EXERCISE DETAILS: Exactly as they appear, set down all of the records.

** DATA PROVIDED follows **

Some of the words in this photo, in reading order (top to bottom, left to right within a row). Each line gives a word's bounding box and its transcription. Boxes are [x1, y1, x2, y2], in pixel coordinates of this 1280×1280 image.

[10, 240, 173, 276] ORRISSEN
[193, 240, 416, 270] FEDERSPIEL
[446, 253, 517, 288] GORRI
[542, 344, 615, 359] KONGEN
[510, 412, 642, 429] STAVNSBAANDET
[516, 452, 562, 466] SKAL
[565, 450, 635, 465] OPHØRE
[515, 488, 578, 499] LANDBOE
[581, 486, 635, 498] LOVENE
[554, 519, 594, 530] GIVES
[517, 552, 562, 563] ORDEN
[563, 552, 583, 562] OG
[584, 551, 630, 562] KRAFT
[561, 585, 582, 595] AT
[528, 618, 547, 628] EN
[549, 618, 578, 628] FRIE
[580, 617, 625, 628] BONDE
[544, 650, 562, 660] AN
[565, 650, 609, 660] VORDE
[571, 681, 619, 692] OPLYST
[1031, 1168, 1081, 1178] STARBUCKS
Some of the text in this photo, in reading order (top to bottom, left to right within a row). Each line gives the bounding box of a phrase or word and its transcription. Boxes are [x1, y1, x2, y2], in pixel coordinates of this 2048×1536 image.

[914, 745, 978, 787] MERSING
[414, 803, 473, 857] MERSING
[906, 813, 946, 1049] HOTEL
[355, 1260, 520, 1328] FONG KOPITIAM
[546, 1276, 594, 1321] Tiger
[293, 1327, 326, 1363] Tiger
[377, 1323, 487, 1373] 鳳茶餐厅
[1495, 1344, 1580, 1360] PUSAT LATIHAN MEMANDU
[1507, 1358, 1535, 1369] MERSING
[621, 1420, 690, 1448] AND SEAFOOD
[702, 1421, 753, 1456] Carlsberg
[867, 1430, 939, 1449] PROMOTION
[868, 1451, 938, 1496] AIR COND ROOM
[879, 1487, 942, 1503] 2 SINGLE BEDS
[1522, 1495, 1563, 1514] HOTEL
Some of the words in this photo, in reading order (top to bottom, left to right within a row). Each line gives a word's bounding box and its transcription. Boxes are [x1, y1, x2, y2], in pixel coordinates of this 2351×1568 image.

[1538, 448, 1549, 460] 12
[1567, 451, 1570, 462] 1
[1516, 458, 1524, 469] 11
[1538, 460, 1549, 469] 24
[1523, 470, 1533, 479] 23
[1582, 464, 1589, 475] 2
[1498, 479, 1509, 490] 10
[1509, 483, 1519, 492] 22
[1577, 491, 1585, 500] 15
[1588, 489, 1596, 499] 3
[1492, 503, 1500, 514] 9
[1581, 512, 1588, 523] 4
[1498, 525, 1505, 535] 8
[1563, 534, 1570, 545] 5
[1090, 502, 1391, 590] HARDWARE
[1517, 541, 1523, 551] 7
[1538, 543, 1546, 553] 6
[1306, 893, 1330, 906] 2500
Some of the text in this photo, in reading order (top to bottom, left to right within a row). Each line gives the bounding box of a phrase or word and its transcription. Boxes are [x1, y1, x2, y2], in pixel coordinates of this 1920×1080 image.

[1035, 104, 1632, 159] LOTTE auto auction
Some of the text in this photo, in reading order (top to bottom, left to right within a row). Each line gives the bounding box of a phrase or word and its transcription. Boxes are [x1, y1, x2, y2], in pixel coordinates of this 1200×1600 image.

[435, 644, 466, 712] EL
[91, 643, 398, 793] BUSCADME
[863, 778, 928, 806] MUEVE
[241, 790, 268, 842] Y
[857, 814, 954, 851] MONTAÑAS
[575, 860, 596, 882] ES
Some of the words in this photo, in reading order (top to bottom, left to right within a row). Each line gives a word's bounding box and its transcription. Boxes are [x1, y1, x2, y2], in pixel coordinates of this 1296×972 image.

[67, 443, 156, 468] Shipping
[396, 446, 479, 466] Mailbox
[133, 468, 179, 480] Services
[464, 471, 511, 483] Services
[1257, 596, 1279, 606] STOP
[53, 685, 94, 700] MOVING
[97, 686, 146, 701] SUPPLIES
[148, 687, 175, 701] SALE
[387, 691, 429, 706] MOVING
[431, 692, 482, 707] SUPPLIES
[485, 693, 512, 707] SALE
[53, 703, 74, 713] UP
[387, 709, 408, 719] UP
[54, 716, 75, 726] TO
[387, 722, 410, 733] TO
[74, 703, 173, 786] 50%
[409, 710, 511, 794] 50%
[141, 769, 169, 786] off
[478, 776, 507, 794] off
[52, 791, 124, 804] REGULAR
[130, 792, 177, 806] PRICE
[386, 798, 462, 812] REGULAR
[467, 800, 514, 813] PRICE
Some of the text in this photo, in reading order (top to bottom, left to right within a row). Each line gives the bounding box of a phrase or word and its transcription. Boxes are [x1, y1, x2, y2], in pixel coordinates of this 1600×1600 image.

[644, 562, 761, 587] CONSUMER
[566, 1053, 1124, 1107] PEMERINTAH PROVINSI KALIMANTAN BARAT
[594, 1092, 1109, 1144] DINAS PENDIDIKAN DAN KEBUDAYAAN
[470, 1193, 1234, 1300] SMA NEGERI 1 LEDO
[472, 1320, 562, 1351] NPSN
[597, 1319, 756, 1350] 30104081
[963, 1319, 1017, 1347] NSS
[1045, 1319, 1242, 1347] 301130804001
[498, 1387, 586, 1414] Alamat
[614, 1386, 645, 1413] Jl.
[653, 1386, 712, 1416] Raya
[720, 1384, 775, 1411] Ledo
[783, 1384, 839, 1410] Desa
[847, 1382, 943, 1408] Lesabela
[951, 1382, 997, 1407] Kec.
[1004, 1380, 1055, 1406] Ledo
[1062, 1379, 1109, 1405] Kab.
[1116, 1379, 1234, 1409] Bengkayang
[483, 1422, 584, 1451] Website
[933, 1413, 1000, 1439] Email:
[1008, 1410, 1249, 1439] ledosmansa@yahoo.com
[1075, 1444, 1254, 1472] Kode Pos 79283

** End of DATA PROVIDED **

YOUR RESPONSE:
Some of the words in this photo, in reading order (top to bottom, left to right within a row). Each line gives a word's bounding box and its transcription. Boxes are [x1, y1, x2, y2], in pixel coordinates of this 1280×1280 image.

[10, 240, 173, 276] ORRISSEN
[193, 240, 416, 270] FEDERSPIEL
[446, 253, 517, 288] GORRI
[542, 344, 615, 359] KONGEN
[510, 412, 642, 429] STAVNSBAANDET
[516, 452, 562, 466] SKAL
[565, 450, 635, 465] OPHØRE
[515, 488, 578, 499] LANDBOE
[581, 486, 635, 498] LOVENE
[554, 519, 594, 530] GIVES
[517, 552, 562, 563] ORDEN
[563, 552, 583, 562] OG
[584, 551, 630, 562] KRAFT
[561, 585, 582, 595] AT
[528, 618, 547, 628] EN
[549, 618, 578, 628] FRIE
[580, 617, 625, 628] BONDE
[544, 650, 562, 660] AN
[565, 650, 609, 660] VORDE
[571, 681, 619, 692] OPLYST
[1031, 1168, 1081, 1178] STARBUCKS
Some of the text in this photo, in reading order (top to bottom, left to right within a row). Each line gives the bounding box of a phrase or word and its transcription. Boxes are [x1, y1, x2, y2], in pixel coordinates of this 2048×1536 image.

[914, 745, 978, 787] MERSING
[414, 803, 473, 857] MERSING
[906, 813, 946, 1049] HOTEL
[355, 1260, 520, 1328] FONG KOPITIAM
[546, 1276, 594, 1321] Tiger
[293, 1327, 326, 1363] Tiger
[377, 1323, 487, 1373] 鳳茶餐厅
[1495, 1344, 1580, 1360] PUSAT LATIHAN MEMANDU
[1507, 1358, 1535, 1369] MERSING
[621, 1420, 690, 1448] AND SEAFOOD
[702, 1421, 753, 1456] Carlsberg
[867, 1430, 939, 1449] PROMOTION
[868, 1451, 938, 1496] AIR COND ROOM
[879, 1487, 942, 1503] 2 SINGLE BEDS
[1522, 1495, 1563, 1514] HOTEL
Some of the words in this photo, in reading order (top to bottom, left to right within a row). Each line gives a word's bounding box and its transcription. Boxes are [x1, y1, x2, y2], in pixel coordinates of this 2351×1568 image.

[1538, 448, 1549, 460] 12
[1567, 451, 1570, 462] 1
[1516, 458, 1524, 469] 11
[1538, 460, 1549, 469] 24
[1523, 470, 1533, 479] 23
[1582, 464, 1589, 475] 2
[1498, 479, 1509, 490] 10
[1509, 483, 1519, 492] 22
[1577, 491, 1585, 500] 15
[1588, 489, 1596, 499] 3
[1492, 503, 1500, 514] 9
[1581, 512, 1588, 523] 4
[1498, 525, 1505, 535] 8
[1563, 534, 1570, 545] 5
[1090, 502, 1391, 590] HARDWARE
[1517, 541, 1523, 551] 7
[1538, 543, 1546, 553] 6
[1306, 893, 1330, 906] 2500
Some of the text in this photo, in reading order (top to bottom, left to right within a row). Each line gives the bounding box of a phrase or word and its transcription. Boxes are [x1, y1, x2, y2], in pixel coordinates of this 1920×1080 image.

[1035, 104, 1632, 159] LOTTE auto auction
Some of the text in this photo, in reading order (top to bottom, left to right within a row). Each line gives the bounding box of a phrase or word and its transcription. Boxes are [x1, y1, x2, y2], in pixel coordinates of this 1200×1600 image.

[435, 644, 466, 712] EL
[91, 643, 398, 793] BUSCADME
[863, 778, 928, 806] MUEVE
[241, 790, 268, 842] Y
[857, 814, 954, 851] MONTAÑAS
[575, 860, 596, 882] ES
Some of the words in this photo, in reading order (top to bottom, left to right within a row). Each line gives a word's bounding box and its transcription. Boxes are [x1, y1, x2, y2], in pixel coordinates of this 1296×972 image.

[67, 443, 156, 468] Shipping
[396, 446, 479, 466] Mailbox
[133, 468, 179, 480] Services
[464, 471, 511, 483] Services
[1257, 596, 1279, 606] STOP
[53, 685, 94, 700] MOVING
[97, 686, 146, 701] SUPPLIES
[148, 687, 175, 701] SALE
[387, 691, 429, 706] MOVING
[431, 692, 482, 707] SUPPLIES
[485, 693, 512, 707] SALE
[53, 703, 74, 713] UP
[387, 709, 408, 719] UP
[54, 716, 75, 726] TO
[387, 722, 410, 733] TO
[74, 703, 173, 786] 50%
[409, 710, 511, 794] 50%
[141, 769, 169, 786] off
[478, 776, 507, 794] off
[52, 791, 124, 804] REGULAR
[130, 792, 177, 806] PRICE
[386, 798, 462, 812] REGULAR
[467, 800, 514, 813] PRICE
Some of the text in this photo, in reading order (top to bottom, left to right within a row). Each line gives the bounding box of a phrase or word and its transcription. Boxes are [x1, y1, x2, y2], in pixel coordinates of this 1600×1600 image.

[644, 562, 761, 587] CONSUMER
[566, 1053, 1124, 1107] PEMERINTAH PROVINSI KALIMANTAN BARAT
[594, 1092, 1109, 1144] DINAS PENDIDIKAN DAN KEBUDAYAAN
[470, 1193, 1234, 1300] SMA NEGERI 1 LEDO
[472, 1320, 562, 1351] NPSN
[597, 1319, 756, 1350] 30104081
[963, 1319, 1017, 1347] NSS
[1045, 1319, 1242, 1347] 301130804001
[498, 1387, 586, 1414] Alamat
[614, 1386, 645, 1413] Jl.
[653, 1386, 712, 1416] Raya
[720, 1384, 775, 1411] Ledo
[783, 1384, 839, 1410] Desa
[847, 1382, 943, 1408] Lesabela
[951, 1382, 997, 1407] Kec.
[1004, 1380, 1055, 1406] Ledo
[1062, 1379, 1109, 1405] Kab.
[1116, 1379, 1234, 1409] Bengkayang
[483, 1422, 584, 1451] Website
[933, 1413, 1000, 1439] Email:
[1008, 1410, 1249, 1439] ledosmansa@yahoo.com
[1075, 1444, 1254, 1472] Kode Pos 79283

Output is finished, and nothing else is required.